_Task goal_
Pictures aside, return every line below exactly as written.

Referring expression grounding data

# # # # #

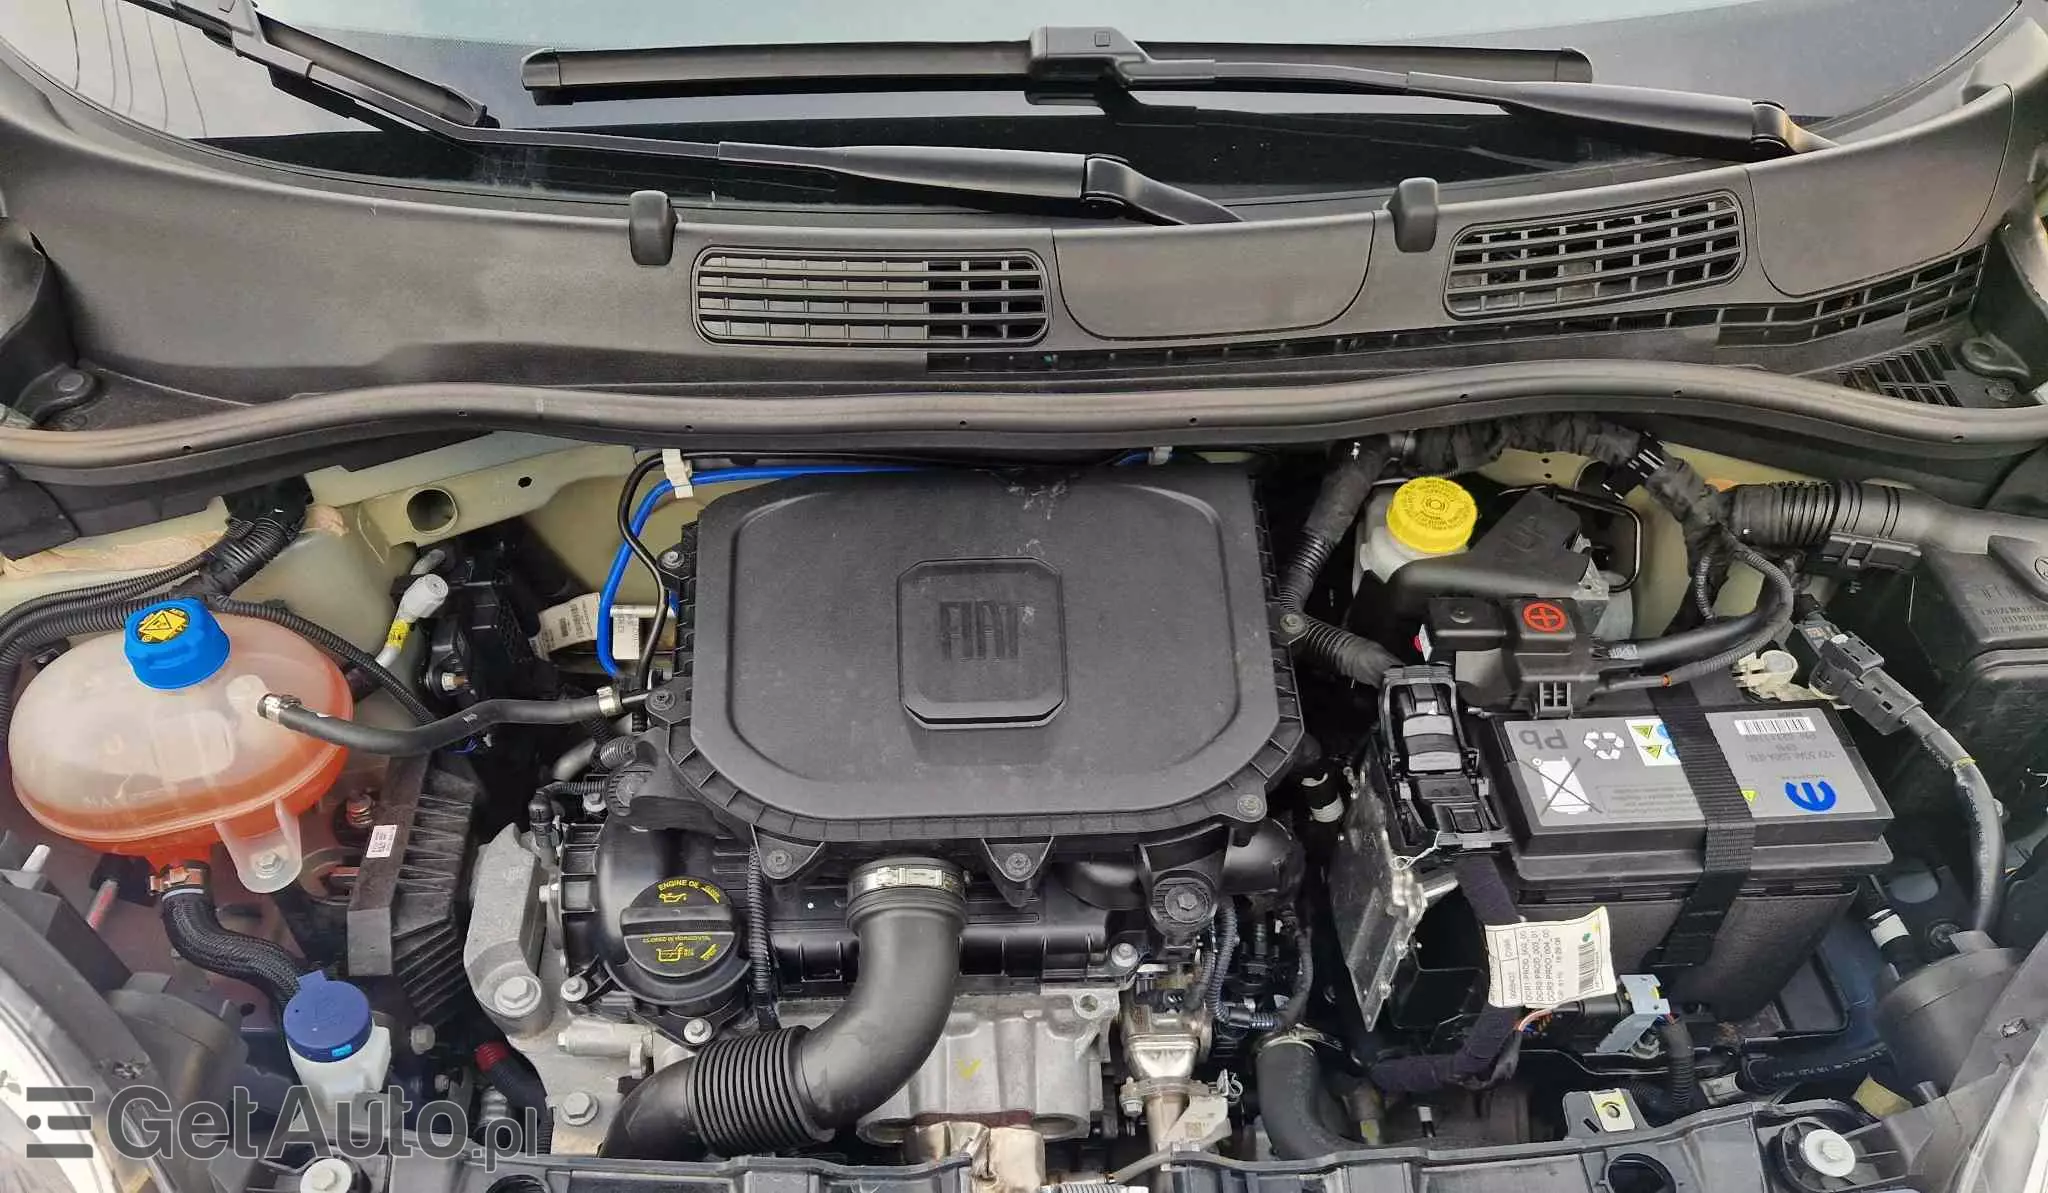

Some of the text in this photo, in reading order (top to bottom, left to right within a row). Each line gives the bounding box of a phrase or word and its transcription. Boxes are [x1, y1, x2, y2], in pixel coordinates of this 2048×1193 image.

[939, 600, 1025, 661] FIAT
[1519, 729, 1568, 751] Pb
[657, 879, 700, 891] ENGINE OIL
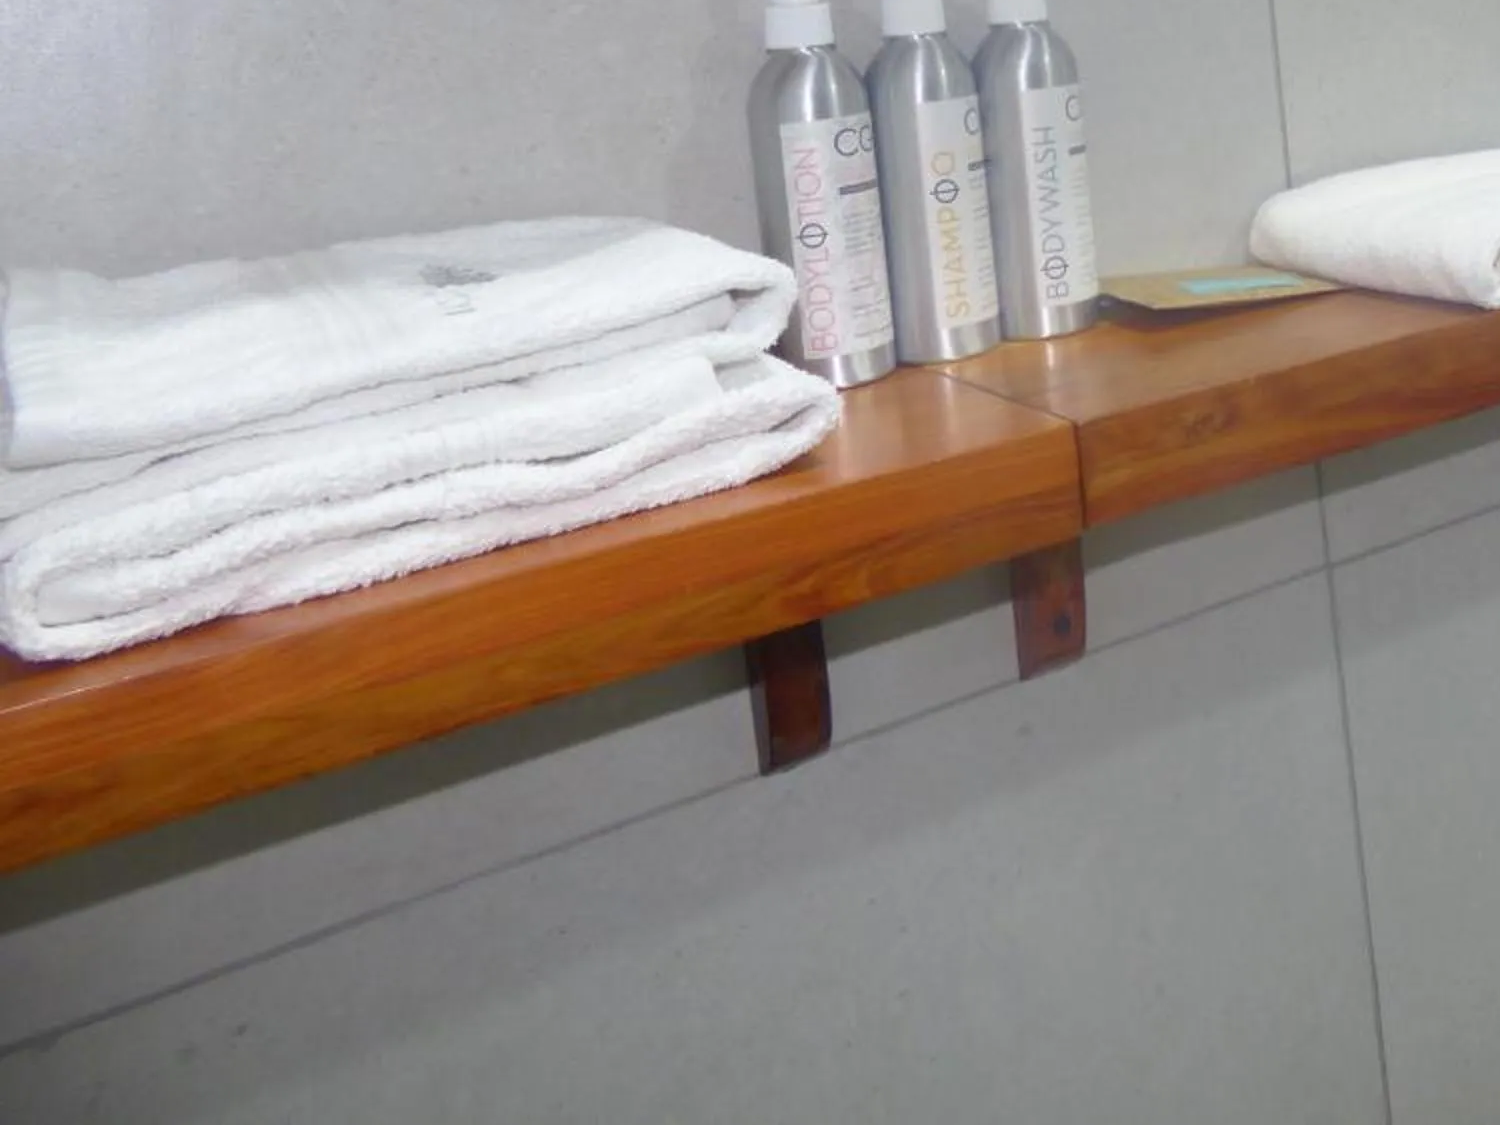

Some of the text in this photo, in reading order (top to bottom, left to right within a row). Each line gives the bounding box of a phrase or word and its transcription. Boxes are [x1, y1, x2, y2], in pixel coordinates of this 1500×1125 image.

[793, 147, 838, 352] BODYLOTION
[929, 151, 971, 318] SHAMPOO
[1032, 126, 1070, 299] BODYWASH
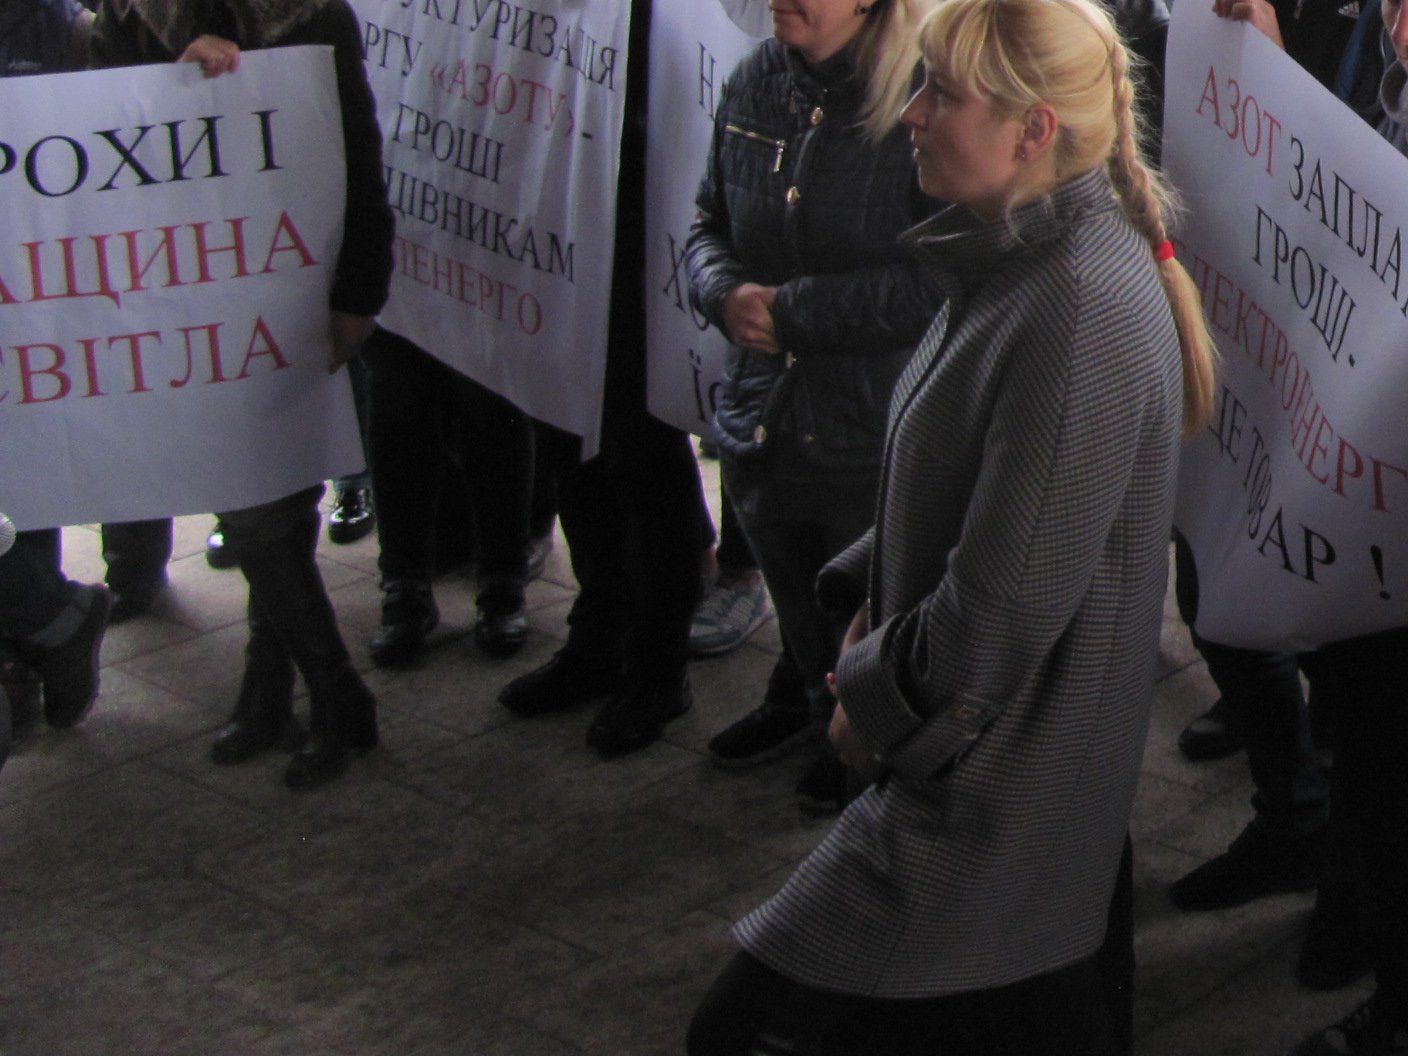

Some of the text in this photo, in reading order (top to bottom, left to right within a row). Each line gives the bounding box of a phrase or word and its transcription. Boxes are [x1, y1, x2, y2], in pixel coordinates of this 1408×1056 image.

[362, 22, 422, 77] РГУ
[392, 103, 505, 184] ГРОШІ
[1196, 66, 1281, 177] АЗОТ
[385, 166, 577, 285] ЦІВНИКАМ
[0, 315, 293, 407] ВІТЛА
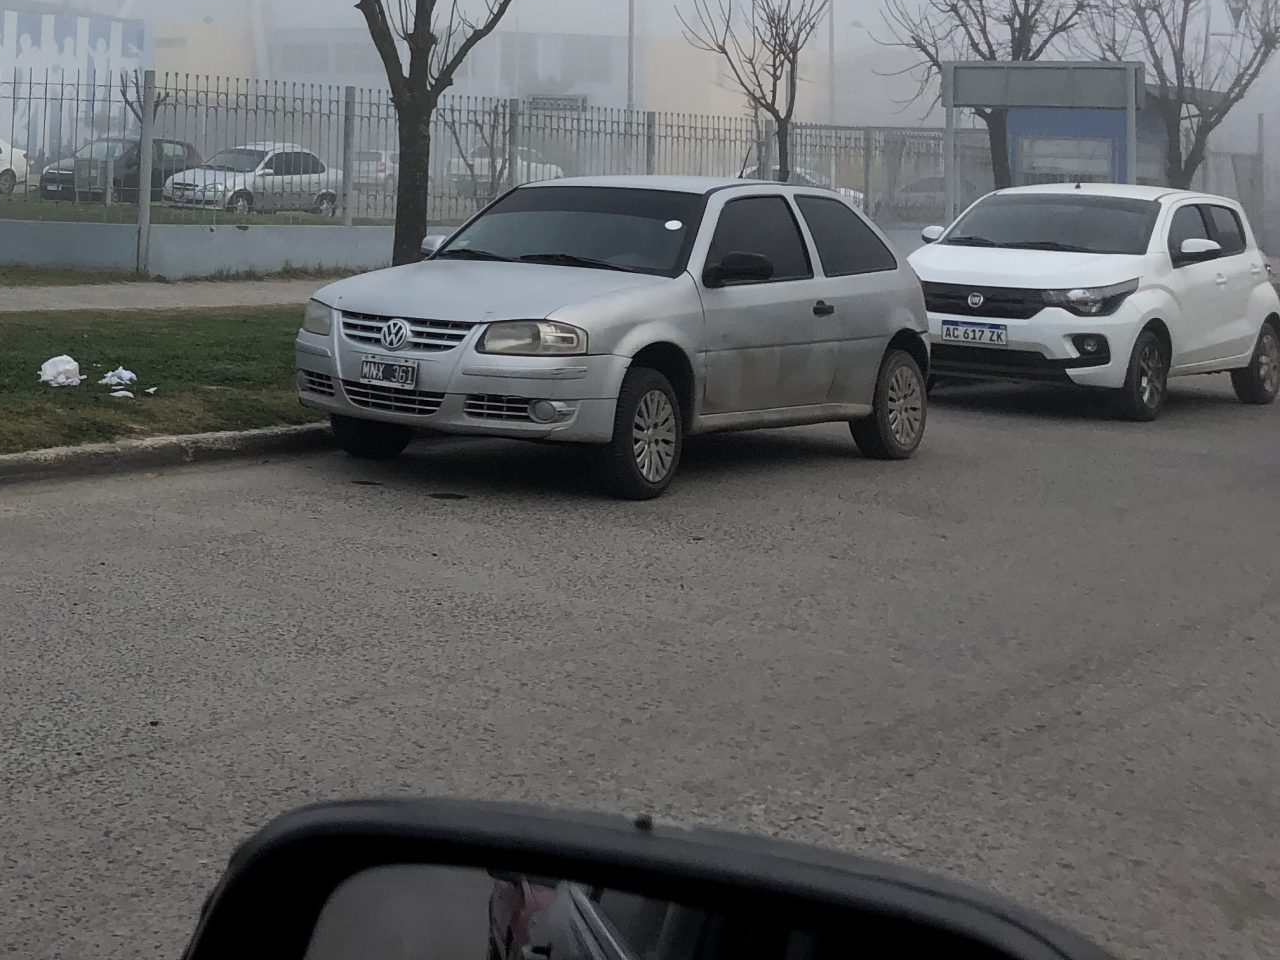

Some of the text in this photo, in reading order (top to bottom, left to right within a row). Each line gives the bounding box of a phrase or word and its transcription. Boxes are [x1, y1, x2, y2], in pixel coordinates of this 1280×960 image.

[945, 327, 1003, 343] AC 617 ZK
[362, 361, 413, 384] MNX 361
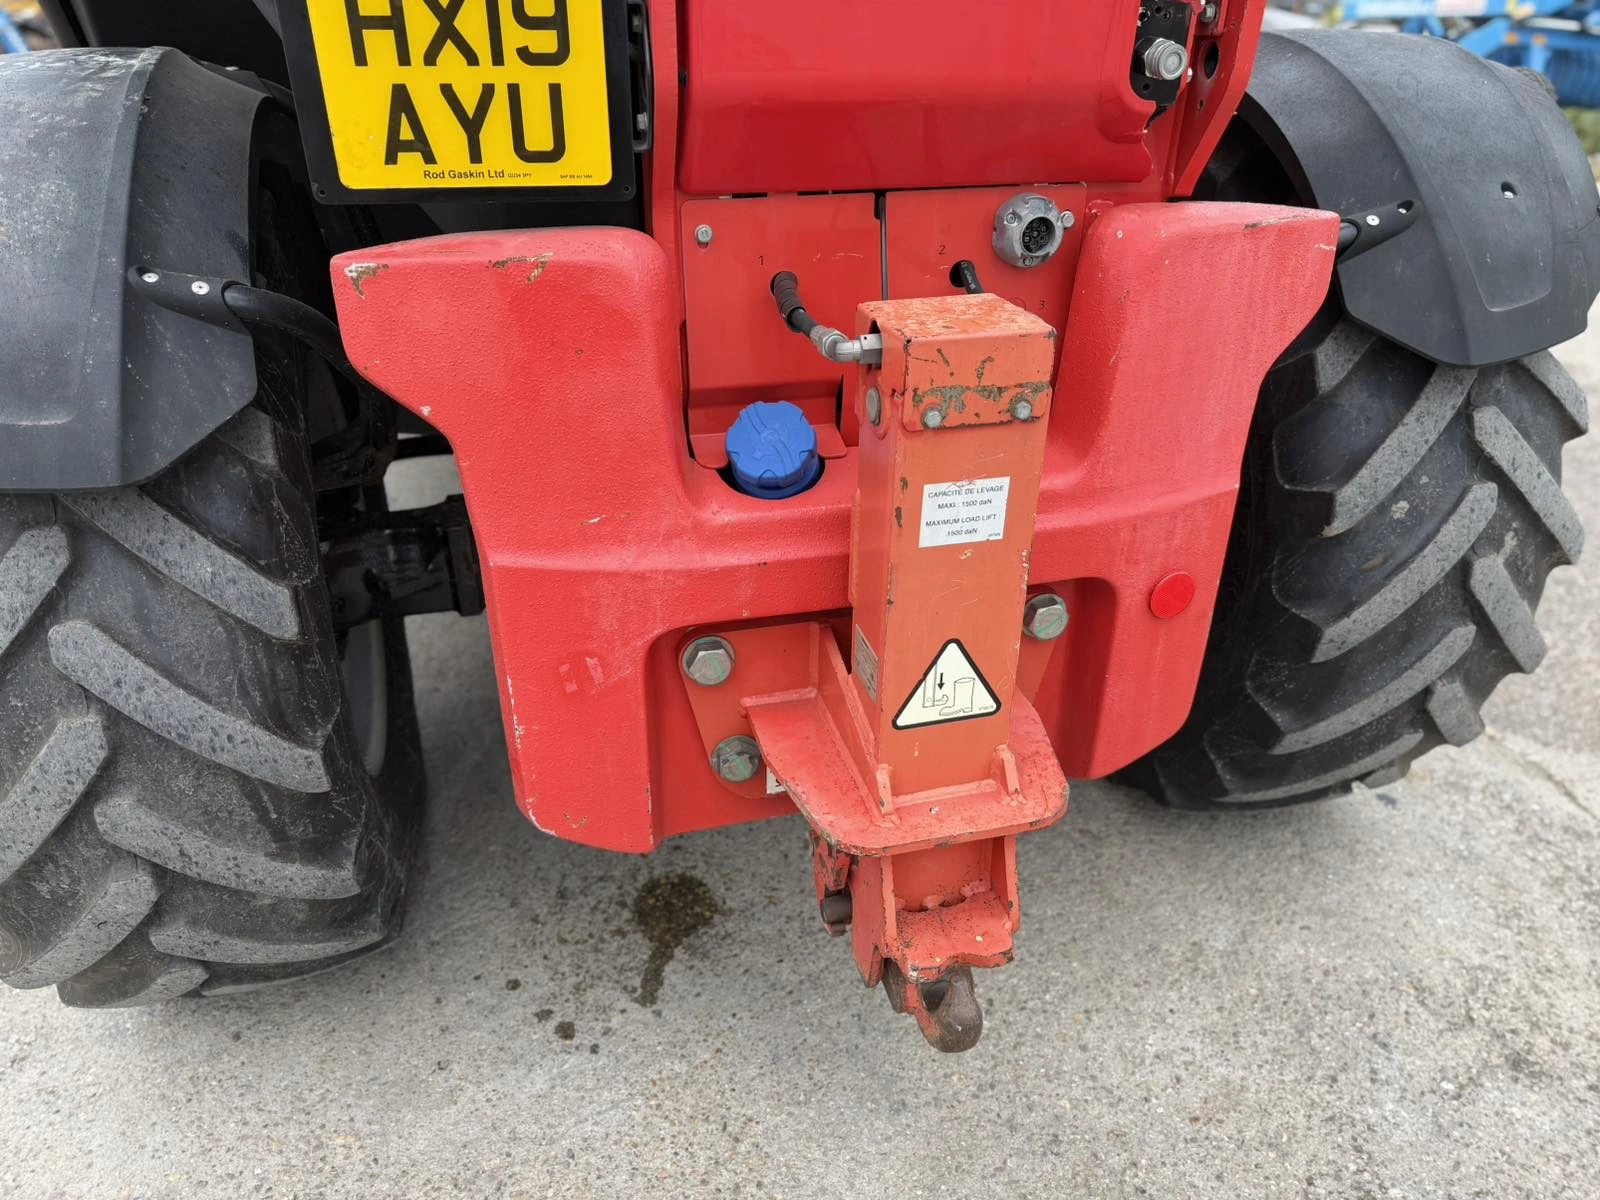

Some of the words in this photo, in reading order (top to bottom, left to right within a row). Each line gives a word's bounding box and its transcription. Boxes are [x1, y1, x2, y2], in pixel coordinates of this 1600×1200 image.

# # # # #

_Final answer_
Some of the text in this photo, in reading order (top to bottom, left to right within a row). Each line gives the bounding box of a phrase or word and its transcription. Boxes are [x1, y1, x2, y2], in pixel coordinates of this 2048×1193 image.

[939, 600, 1025, 661] FIAT
[1519, 729, 1568, 751] Pb
[657, 879, 700, 891] ENGINE OIL

Some of the text in this photo, in reading order (top to bottom, left to right within a row). Each line gives the bounding box of a phrase or word and its transcription. Boxes are [x1, y1, x2, y2], in pixel coordinates of this 1500×1125 image.

[793, 147, 838, 352] BODYLOTION
[929, 151, 971, 318] SHAMPOO
[1032, 126, 1070, 299] BODYWASH

Some of the text in this photo, in reading order (top to bottom, left to right within a row). Each line gives the bounding box of a phrase or word and its transcription. Boxes are [x1, y1, x2, y2], in pixel coordinates of this 1408×1056 image.

[362, 22, 422, 77] РГУ
[392, 103, 505, 184] ГРОШІ
[1196, 66, 1281, 177] АЗОТ
[385, 166, 577, 285] ЦІВНИКАМ
[0, 315, 293, 407] ВІТЛА

Some of the text in this photo, in reading order (top to bottom, left to right within a row). Each line gives the bounding box of a phrase or word and its transcription. Boxes are [x1, y1, x2, y2], in pixel coordinates of this 1280×960 image.

[945, 327, 1003, 343] AC 617 ZK
[362, 361, 413, 384] MNX 361

Some of the words in this photo, in reading order (top to bottom, left to right within a row). Each line gives a word's bounding box and its transcription. Boxes are [x1, y1, x2, y2], in pixel coordinates of this 1600×1200 image.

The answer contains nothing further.